C’est un plaisir simple de lire la correspondance d’Audre Lorde et Pat Parker, deux poétesses noires féministes. Sister love est la publication de leurs lettres, échangées entre 1974 à 1989. Témoignage de leur amitié inconditionnelle, libre, drôle.
« Lire des lettres d’écrivaines représente la meilleure façon d’écouter aux portes » écrit Mecca Jamilah Sullivan dans sa préface. C’est tout à fait cela. Lire Sister love c’est retrouver quelque chose de l’enfance. On écoute les paroles des grandes. On lit, admiratives, le lien entre Audre (1934-1992) et Pat (1944-1989). Les éditions Points font paraître cet ouvrage, traduit par Chloé Savoie-Bernard et, doublement préfacé par Rébecca Chaillon et M.J. Sullivan.
Audre Lorde rencontre Pat Parker en 1969. Elles échangent par lettres. Elles prennent des nouvelles de leur œuvre, de leur envie d’écrire, d’aimer, de vivre. Toutes deux ont précédemment été mariées à un homme et sont lesbiennes. Pat Parker donne des cours à l’école primaire, réalise des lectures dans des festivals et des prisons pour femmes. Audre Lorde, plus âgée que Pat, travaille comme bibliothécaire. Toutes les deux, elles succombent, à quelques années d’intervalle, d’un cancer du sein.
« Quoi de neuf à ton sujet ? »
Les lettres de Pat et Audre sont émaillées de choses prosaïques comme prendre des nouvelles de leur santé, se donner des conseils pour mener une autopromo. Elles se conseillent, s’encouragent, parlent de domination, de création, d’amour autant que de cuisson de betterave ou de jardinage. Se glissent aussi dans leur lettres des timbres et des chewing-gums.
Militantes et icônes du féminisme noir américain, elles s’écrivent aussi plus précisément sur leur manière d’écrire, sur le style et la situation économique de leur statut.
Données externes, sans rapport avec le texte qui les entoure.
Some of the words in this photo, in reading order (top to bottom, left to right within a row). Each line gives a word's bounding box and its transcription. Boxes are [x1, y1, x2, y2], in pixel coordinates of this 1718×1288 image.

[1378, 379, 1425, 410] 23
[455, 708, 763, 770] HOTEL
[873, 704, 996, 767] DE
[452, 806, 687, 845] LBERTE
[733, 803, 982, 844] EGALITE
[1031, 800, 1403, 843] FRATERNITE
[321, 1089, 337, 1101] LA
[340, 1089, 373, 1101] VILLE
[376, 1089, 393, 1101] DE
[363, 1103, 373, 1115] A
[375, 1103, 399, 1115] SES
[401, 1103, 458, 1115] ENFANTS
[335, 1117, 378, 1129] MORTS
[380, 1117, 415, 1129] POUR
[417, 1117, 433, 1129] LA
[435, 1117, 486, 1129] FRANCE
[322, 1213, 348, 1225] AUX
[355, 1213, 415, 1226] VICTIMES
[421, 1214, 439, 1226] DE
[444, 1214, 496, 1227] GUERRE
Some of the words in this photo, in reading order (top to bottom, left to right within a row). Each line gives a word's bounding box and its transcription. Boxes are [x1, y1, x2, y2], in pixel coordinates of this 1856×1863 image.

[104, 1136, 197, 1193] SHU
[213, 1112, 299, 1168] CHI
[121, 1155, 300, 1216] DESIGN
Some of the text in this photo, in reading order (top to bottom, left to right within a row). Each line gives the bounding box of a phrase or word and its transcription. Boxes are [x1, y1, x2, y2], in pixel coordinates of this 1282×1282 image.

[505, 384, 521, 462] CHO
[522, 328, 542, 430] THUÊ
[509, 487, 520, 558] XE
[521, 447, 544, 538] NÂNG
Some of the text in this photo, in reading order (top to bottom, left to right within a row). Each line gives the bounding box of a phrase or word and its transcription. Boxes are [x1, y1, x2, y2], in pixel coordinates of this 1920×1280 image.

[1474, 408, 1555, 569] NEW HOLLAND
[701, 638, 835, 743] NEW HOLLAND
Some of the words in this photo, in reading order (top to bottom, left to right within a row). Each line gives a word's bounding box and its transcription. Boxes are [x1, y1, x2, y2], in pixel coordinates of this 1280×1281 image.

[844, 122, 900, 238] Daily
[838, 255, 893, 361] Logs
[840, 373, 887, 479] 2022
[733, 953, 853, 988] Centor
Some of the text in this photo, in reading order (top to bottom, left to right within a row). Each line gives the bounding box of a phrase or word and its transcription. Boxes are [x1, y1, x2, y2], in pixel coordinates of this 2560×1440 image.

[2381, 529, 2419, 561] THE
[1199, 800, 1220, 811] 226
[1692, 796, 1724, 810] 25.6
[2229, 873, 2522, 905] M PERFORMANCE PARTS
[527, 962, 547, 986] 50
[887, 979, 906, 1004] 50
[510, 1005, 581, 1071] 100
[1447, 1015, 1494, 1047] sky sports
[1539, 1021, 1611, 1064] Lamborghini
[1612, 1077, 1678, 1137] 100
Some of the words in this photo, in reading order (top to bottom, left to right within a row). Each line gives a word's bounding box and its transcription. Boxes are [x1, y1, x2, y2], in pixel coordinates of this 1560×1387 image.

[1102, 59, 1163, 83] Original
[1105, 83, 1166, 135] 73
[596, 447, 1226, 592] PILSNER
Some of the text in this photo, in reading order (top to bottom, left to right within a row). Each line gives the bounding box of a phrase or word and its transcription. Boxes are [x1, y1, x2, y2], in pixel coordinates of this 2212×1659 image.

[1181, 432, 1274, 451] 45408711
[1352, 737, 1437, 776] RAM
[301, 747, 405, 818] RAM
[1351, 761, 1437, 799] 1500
Des réflexions plus politiques sur le racisme ou le sexisme traversent aussi les pensées à même la feuille. Avant la création du mot d’« intersectionnalité », Pat et Audre échangent sur l’entremêlement des différents niveaux d’oppression. Poétesses, noires et lesbiennes, elles ne sont pas dupes des structures de domination, de la précarité de l’écriture, des injonctions faites aux femmes. Alors, elles bataillent et mettent en place des système de solidarité, notamment pour aider les plus jeunes. Pat crée le Black Women’s Revolutionary Council en en 1980.
« ET NE FAIS CONFIANCE À PERSONNE. Joue-la cool, tais-toi quand tu n’es pas en train de poétiser, et ne deviens pas trop copain-copine avec les autres poètes avec qui tu travailles. Protège-toi en tout temps, et protège les enfants aussi, si tu peux. Je crois que c’est un terrain d’essai pour beaucoup de choses et aucune d’entre elles ne te concernent. Je te dis tout cela parce que je te fais confiance. »
Audre Lorde à Pat Parker – Sister Love
La lecture est exaltante, teintée d’une répartie certaine et marquée d’images fortes : « J’aimerais faire en sorte que cette lettre puisse s’autodétruire comme dans Mission impossible, mais je n’ai pas ce pouvoir, alors s’il te plaît, ne la laisse pas traîner » écrit Audre, un clin d’œil depuis le passé à nous qui la lisons, en contrebande. Aussi, les notes de bas de pages éclairent sur des détails qui nous échapperaient.
Sister love est une correspondance qui donne à voir une relation où l’amour et l’exigence parviennent à se combiner. Audre et Pat travaillent à faire de cette relation un roc où il est possible d’inviter l’égalité. On lira, en supplément, la magnifique lettre de remerciement post-mortem de Rébecca Chaillon dédiée à ces deux femmes dont elle dit être tombée en amour.
Sister love d’Audre Lorde et Pat Parker, traduction de Chloé Savoie-Bernard, éditions Points, 7,90euros.